Companies who are supposed to be creating jobs in Oklahoma, instead are collecting checks and moving jobs out of state. Now one lawmaker is pushing legislation he hopes will not only change that, but also put veterans back in the workforce.

Friday, February 8th 2013, 10:41 pm

By: News 9


Companies who are supposed to be creating jobs in Oklahoma, instead are collecting checks and moving jobs out of state. It's a program our investigative team first told you about in November 2012.  

Now one lawmaker is pushing legislation he hopes will not only change that, but also put veterans back in the workforce.

News 9 revealed the incentive program that created tens of thousands of good paying jobs here in Oklahoma, rewarded companies that cut jobs and sent them elsewhere. After four years of pushing the same bill to prohibit that, Rep. Eric Proctor hopes this time it will gain the momentum it needs to pass.

Outsourcing good paying jobs outside the state of Oklahoma is a problem Proctor says has been on-going for decades. 

"If you're going to create a job overseas while you're reducing your investments, or jobs in the state of Oklahoma, you can do that," said Proctor. "But, you're not going to do it with our money."

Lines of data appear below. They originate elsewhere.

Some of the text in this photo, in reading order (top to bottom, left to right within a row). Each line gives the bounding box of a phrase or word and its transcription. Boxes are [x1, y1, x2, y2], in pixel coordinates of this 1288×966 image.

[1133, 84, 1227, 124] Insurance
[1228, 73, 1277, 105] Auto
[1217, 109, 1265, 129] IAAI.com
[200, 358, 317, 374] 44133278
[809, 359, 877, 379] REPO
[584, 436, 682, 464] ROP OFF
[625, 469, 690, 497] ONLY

The hope is to put more accountability into the "Quality of Jobs Act" that Proctor says doesn't exist. Now, for a fourth year in a row, Proctor is hopeful with a unanimous vote coming out of the House, it won't be blocked by special interest groups.

"When I came back, I just asked for a job, and I was willing to settle for something," said Sgt. Shane Hannaford. "I didn't ask for a lot of money, just enough to put food on the table."

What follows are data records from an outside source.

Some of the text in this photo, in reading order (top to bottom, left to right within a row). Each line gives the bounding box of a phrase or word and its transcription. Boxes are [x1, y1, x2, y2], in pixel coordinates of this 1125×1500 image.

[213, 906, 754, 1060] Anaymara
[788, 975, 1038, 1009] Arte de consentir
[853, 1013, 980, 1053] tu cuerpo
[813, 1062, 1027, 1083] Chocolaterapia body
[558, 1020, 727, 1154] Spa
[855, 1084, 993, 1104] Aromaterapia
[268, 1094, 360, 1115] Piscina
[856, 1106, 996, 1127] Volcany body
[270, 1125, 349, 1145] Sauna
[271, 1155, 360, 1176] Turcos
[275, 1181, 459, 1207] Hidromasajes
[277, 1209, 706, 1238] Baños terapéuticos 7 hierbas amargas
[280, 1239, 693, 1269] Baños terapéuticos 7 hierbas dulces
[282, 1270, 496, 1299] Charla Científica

After seven tours of duty in Iraq, and two purple hearts as a U.S. Marine, Hannaford returned home to his family in Tulsa in 2008 unemployed. He was without work for six months, and says, at the time, he was married with two step daughters and a son.

"It's tough," said Hannaford. "It is, and it's really scary for a lot of vets."

Proctor, hopes to encourage Oklahoma companies to hire veterans like Hannaford with his newest bill. It would require companies to have at least 10-percent of military veterans as their new hires in order to get money from the state, part of the "Quality of Jobs Act."

"One out of every four people in the state who are unemployed, are military veterans," said Proctor. "That's unacceptable."

Hannaford now runs a very successful construction business in Tulsa. Unemployment for veterans remains well above the national average.